An RN has developed a plan of care for a client and shares the plan with the LPN. Which intervention(s) can the LPN perform in the implementation phase for this client? Select all that apply.
- A. Provide basic therapeutic and preventive nursing measures.
- B. Provide client and family teaching.
- C. Exchange information with prescribing provider.
- D. Make referrals for ancillary services.
- E. Document care that is provided.
Correct Answer: A,B,E
Rationale: The role of the LPN in the implementation phase is to provide basic therapeutic and preventive nursing measures, provide client education, and record information. Exchanging information with the prescribing provider and making referrals are within the scope of practice of an RN.
Who should be involved in establishing specific and realistic outcomes so the client does not become frustrated in trying to achieve them?
- A. The client and family
- B. The physician
- C. Certified nursing assistant (CNA)
- D. Case management
Correct Answer: A
Rationale: The nurse includes the client and family in establishing outcomes.
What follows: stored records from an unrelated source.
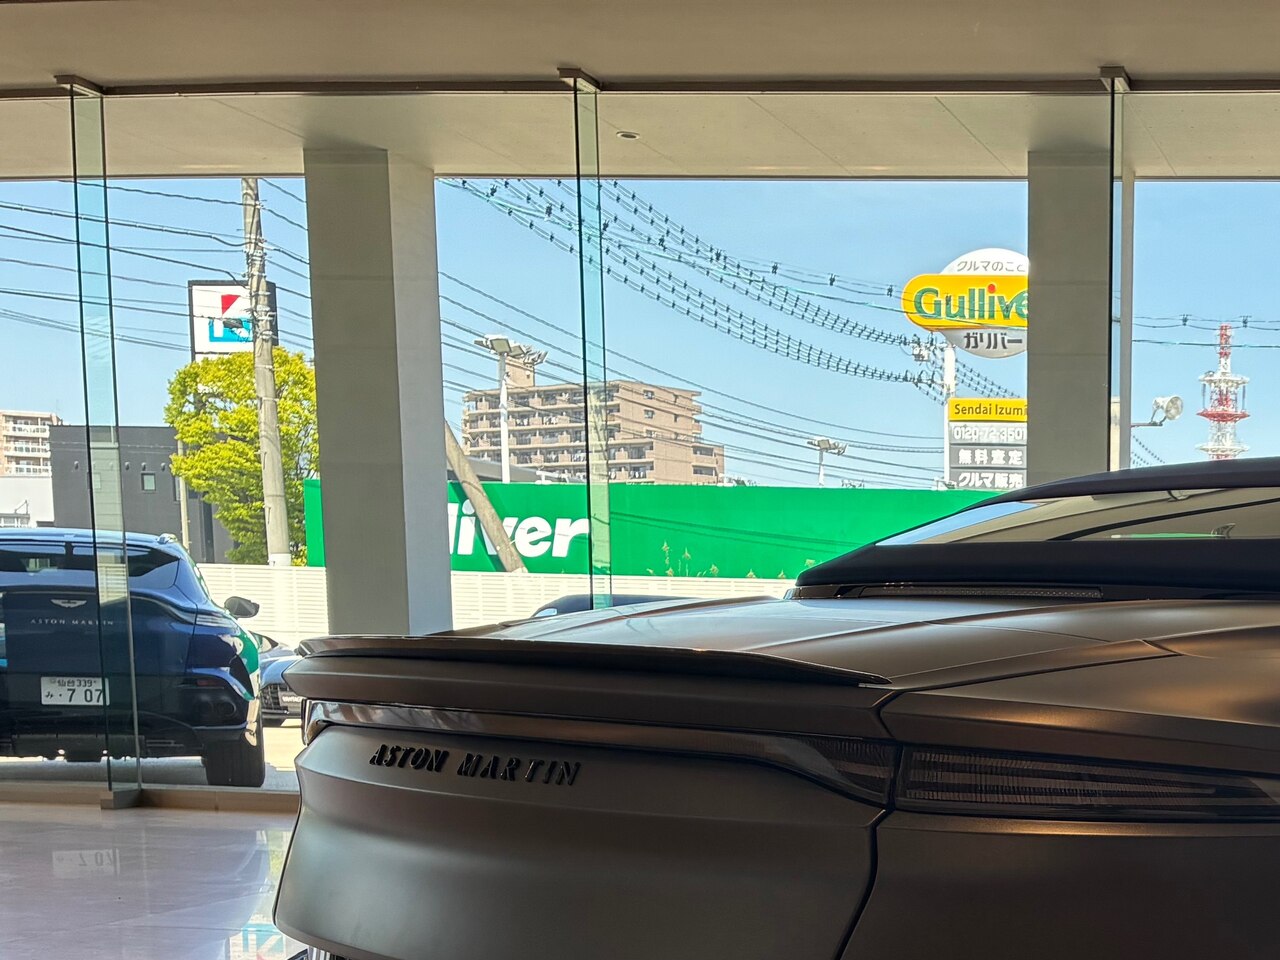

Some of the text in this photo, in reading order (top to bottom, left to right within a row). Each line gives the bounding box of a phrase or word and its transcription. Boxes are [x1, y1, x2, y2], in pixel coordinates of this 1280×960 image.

[963, 332, 1023, 350] ガリバー
[954, 403, 992, 415] Sendai
[958, 448, 1023, 465] 無料査定
[958, 471, 1024, 489] クルマ販売
[369, 744, 582, 786] ASTON MARTIN
Outcomes are specific and realistic, so the client can attain them and not become frustrated, and measurable, so the nurse can reliably determine to what extent the client is meeting the goals. The physician, CNA, and case management do not play a role in the development of nursing outcomes.
A client has a nursing diagnosis of altered skin integrity related to prescribed bed rest and decreased mobility of the lower extremities as evidenced by a reddened area on heels and fluid-filled blister on sacrum. Which part of this nursing diagnosis is considered the cause?
- A. Altered skin integrity
- B. Fluid filled blister on sacrum
- C. Prescribed bed rest
- D. Reddened area on heels
Correct Answer: C
Rationale: The cause portion of the nursing diagnosis includes the factors contributing to the problem; in this case, they are 'prescribed bed rest and decreased mobility of the lower extremities.' Impaired skin integrity is the stated problem, and the reddened area on the heels and the fluid filled blister are the defining characteristics that describe the problem.
Which of the following is a true statement about critical thinking according to Alfaro-LeFevre (2010)?
- A. It makes judgments based on conjecture.
- B. It is based on the medical model.
- C. It considers only the client's needs.
- D. It is guided by professional standards and codes of ethics.
Correct Answer: D
Rationale: Critical thinking is guided by professional standards and codes of ethics. It is based on principles of the nursing process and scientific methods. Critical thinking makes judgments based on evidence rather than conjecture. It considers client, family, and community needs.